TO DO: Transcribe every line of the entries exactly.

---

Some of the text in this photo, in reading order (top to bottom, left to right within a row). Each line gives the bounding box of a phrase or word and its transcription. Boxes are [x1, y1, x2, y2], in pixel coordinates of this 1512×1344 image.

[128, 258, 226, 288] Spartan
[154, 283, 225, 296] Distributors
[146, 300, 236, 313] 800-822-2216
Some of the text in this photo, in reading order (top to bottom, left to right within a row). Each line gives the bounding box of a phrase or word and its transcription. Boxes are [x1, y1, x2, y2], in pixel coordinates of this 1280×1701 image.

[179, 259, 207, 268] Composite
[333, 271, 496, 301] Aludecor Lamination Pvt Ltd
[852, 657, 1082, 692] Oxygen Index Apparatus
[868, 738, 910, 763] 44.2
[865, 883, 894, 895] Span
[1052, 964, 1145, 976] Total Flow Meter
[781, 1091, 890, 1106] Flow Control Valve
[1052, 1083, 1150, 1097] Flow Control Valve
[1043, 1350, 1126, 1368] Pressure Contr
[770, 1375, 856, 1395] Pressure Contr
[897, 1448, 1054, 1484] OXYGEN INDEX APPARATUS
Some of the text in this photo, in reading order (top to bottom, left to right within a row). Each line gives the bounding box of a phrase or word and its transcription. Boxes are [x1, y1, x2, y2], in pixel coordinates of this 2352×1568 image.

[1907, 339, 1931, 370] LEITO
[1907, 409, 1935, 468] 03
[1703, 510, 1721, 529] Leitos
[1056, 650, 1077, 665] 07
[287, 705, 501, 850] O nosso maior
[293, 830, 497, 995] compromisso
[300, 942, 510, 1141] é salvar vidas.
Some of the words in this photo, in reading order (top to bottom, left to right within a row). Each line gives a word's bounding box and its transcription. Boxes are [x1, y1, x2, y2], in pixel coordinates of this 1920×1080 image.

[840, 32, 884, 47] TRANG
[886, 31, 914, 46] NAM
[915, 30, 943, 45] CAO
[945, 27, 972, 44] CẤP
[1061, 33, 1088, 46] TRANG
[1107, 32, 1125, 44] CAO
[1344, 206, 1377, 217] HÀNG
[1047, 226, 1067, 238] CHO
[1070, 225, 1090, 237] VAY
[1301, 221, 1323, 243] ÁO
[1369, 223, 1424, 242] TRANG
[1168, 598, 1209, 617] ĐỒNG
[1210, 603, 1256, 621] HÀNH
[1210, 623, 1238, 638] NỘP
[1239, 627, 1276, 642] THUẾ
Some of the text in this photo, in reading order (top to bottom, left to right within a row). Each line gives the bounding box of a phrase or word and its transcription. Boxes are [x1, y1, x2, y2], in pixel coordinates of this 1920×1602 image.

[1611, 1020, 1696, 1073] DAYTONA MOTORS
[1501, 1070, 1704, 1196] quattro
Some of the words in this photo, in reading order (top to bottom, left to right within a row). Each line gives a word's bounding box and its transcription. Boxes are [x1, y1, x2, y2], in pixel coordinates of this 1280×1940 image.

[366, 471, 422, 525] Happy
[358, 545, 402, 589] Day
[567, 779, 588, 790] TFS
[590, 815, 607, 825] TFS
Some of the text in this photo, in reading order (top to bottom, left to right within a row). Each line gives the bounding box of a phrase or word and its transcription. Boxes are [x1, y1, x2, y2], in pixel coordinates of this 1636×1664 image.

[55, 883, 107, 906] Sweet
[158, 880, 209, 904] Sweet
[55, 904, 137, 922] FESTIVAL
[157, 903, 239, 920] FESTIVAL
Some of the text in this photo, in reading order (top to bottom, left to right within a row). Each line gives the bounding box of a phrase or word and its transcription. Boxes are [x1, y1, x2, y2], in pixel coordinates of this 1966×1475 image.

---

TASK RESULT:
Some of the text in this photo, in reading order (top to bottom, left to right within a row). Each line gives the bounding box of a phrase or word and its transcription. Boxes are [x1, y1, x2, y2], in pixel coordinates of this 1512×1344 image.

[128, 258, 226, 288] Spartan
[154, 283, 225, 296] Distributors
[146, 300, 236, 313] 800-822-2216
Some of the text in this photo, in reading order (top to bottom, left to right within a row). Each line gives the bounding box of a phrase or word and its transcription. Boxes are [x1, y1, x2, y2], in pixel coordinates of this 1280×1701 image.

[179, 259, 207, 268] Composite
[333, 271, 496, 301] Aludecor Lamination Pvt Ltd
[852, 657, 1082, 692] Oxygen Index Apparatus
[868, 738, 910, 763] 44.2
[865, 883, 894, 895] Span
[1052, 964, 1145, 976] Total Flow Meter
[781, 1091, 890, 1106] Flow Control Valve
[1052, 1083, 1150, 1097] Flow Control Valve
[1043, 1350, 1126, 1368] Pressure Contr
[770, 1375, 856, 1395] Pressure Contr
[897, 1448, 1054, 1484] OXYGEN INDEX APPARATUS
Some of the text in this photo, in reading order (top to bottom, left to right within a row). Each line gives the bounding box of a phrase or word and its transcription. Boxes are [x1, y1, x2, y2], in pixel coordinates of this 2352×1568 image.

[1907, 339, 1931, 370] LEITO
[1907, 409, 1935, 468] 03
[1703, 510, 1721, 529] Leitos
[1056, 650, 1077, 665] 07
[287, 705, 501, 850] O nosso maior
[293, 830, 497, 995] compromisso
[300, 942, 510, 1141] é salvar vidas.
Some of the words in this photo, in reading order (top to bottom, left to right within a row). Each line gives a word's bounding box and its transcription. Boxes are [x1, y1, x2, y2], in pixel coordinates of this 1920×1080 image.

[840, 32, 884, 47] TRANG
[886, 31, 914, 46] NAM
[915, 30, 943, 45] CAO
[945, 27, 972, 44] CẤP
[1061, 33, 1088, 46] TRANG
[1107, 32, 1125, 44] CAO
[1344, 206, 1377, 217] HÀNG
[1047, 226, 1067, 238] CHO
[1070, 225, 1090, 237] VAY
[1301, 221, 1323, 243] ÁO
[1369, 223, 1424, 242] TRANG
[1168, 598, 1209, 617] ĐỒNG
[1210, 603, 1256, 621] HÀNH
[1210, 623, 1238, 638] NỘP
[1239, 627, 1276, 642] THUẾ
Some of the text in this photo, in reading order (top to bottom, left to right within a row). Each line gives the bounding box of a phrase or word and its transcription. Boxes are [x1, y1, x2, y2], in pixel coordinates of this 1920×1602 image.

[1611, 1020, 1696, 1073] DAYTONA MOTORS
[1501, 1070, 1704, 1196] quattro
Some of the words in this photo, in reading order (top to bottom, left to right within a row). Each line gives a word's bounding box and its transcription. Boxes are [x1, y1, x2, y2], in pixel coordinates of this 1280×1940 image.

[366, 471, 422, 525] Happy
[358, 545, 402, 589] Day
[567, 779, 588, 790] TFS
[590, 815, 607, 825] TFS
Some of the text in this photo, in reading order (top to bottom, left to right within a row). Each line gives the bounding box of a phrase or word and its transcription. Boxes are [x1, y1, x2, y2], in pixel coordinates of this 1636×1664 image.

[55, 883, 107, 906] Sweet
[158, 880, 209, 904] Sweet
[55, 904, 137, 922] FESTIVAL
[157, 903, 239, 920] FESTIVAL
Some of the text in this photo, in reading order (top to bottom, left to right within a row). Each line gives the bounding box of a phrase or word and its transcription. Boxes are [x1, y1, x2, y2], in pixel coordinates of this 1966×1475 image.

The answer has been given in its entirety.